Ativista líbia veio à Quinta do Conde falar sobre direitos da mulher árabe

Ativista líbia veio à Quinta do Conde falar sobre direitos da mulher árabe

Uma conversa com Najwa Ben Omar, ativista líbia dos direitos da mulher, subordinada ao tema “A mulher árabe para além da burka”, constituiu uma das iniciativas que marcaram as celebrações do Dia Internacional da Mulher, promovidas pela Junta de Freguesia da Quinta do Conde.

O encontro realizado no salão nobre da autarquia, na tarde de 8 de março, pretendeu transmitir alguns aspectos da luta das mulheres árabes pela conquista da igualdade de direitos ao longo dos tempos.

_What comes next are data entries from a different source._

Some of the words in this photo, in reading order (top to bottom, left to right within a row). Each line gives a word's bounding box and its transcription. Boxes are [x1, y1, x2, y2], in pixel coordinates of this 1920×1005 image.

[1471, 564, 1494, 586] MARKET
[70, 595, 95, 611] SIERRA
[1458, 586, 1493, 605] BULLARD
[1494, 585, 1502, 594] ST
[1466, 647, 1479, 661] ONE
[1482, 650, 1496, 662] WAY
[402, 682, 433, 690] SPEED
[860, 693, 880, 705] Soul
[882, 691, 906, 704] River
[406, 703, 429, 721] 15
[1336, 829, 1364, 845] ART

Na ocasião, Vítor Antunes, presidente da referida Junta, deu as boas-vindas à oradora, saudando igualmente todas as mulheres presentes, ao mesmo tempo que sublinhava tratar-se de uma celebração decorrente de uma decisão tomada há 40 ano pela ONU.

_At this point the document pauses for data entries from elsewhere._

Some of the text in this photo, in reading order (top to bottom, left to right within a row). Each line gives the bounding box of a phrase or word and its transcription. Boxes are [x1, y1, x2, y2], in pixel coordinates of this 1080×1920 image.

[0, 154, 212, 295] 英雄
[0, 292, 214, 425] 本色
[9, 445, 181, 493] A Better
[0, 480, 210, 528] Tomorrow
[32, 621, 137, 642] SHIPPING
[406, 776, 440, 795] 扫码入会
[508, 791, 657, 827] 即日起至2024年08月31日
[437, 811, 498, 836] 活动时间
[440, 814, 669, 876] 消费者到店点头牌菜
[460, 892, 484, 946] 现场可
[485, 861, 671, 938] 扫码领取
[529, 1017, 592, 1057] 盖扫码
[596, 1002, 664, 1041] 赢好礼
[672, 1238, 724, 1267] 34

Para Najwa Ben Omar, a utilização da burka, visa estabelecer uma barreira à comunicação entre a pessoas e os povos, situação que concorre para o desconhecimento reciproco que se constata entre o mundo árabe e as chamadas sociedades ocidentais

De acordo ainda com a activista, “o Corão que li não é o que os fundamentalistas pretendem impor, ou seja, aquele que procura manter a mulher subjugada aos ditames impostos pelo sexo oposto, conferindo-lhe um papel subalterno.”

Em seu entender, “ao longo dos tempos, ela assumiu sempre um papel de grande relevância, lutando ao lado do homem contra o império Otomano, primeiro, e contra o colonialismo, depois.”

Segundo ainda Najwa Ben Omar, “a mulher árabe tem uma longa tradição no que se refere à luta pela sua emancipação, remontando ao Século VII as primeiras iniciativas tendentes à conquista da igualdade de direitos”, pelo que, frisou, importa desmistificar algumas inverdades acerca do Islão, veiculadas pelos sectores extremistas existentes na sociedade árabe e prontamente aproveitadas por diversos órgãos de informação ocidental.”

Neste contexto, sustenta “não ser possível continuar a falar em primavera árabe, quando nos países onde ocorreu a mudança de governo na sequência do levantamento popular, porque o que hoje se verifica, é que a mulher se viu amputada de direitos tão elementares como o de viajar sozinha ou conduzir,” afirmou. “Logo, é imperioso prosseguir a luta”.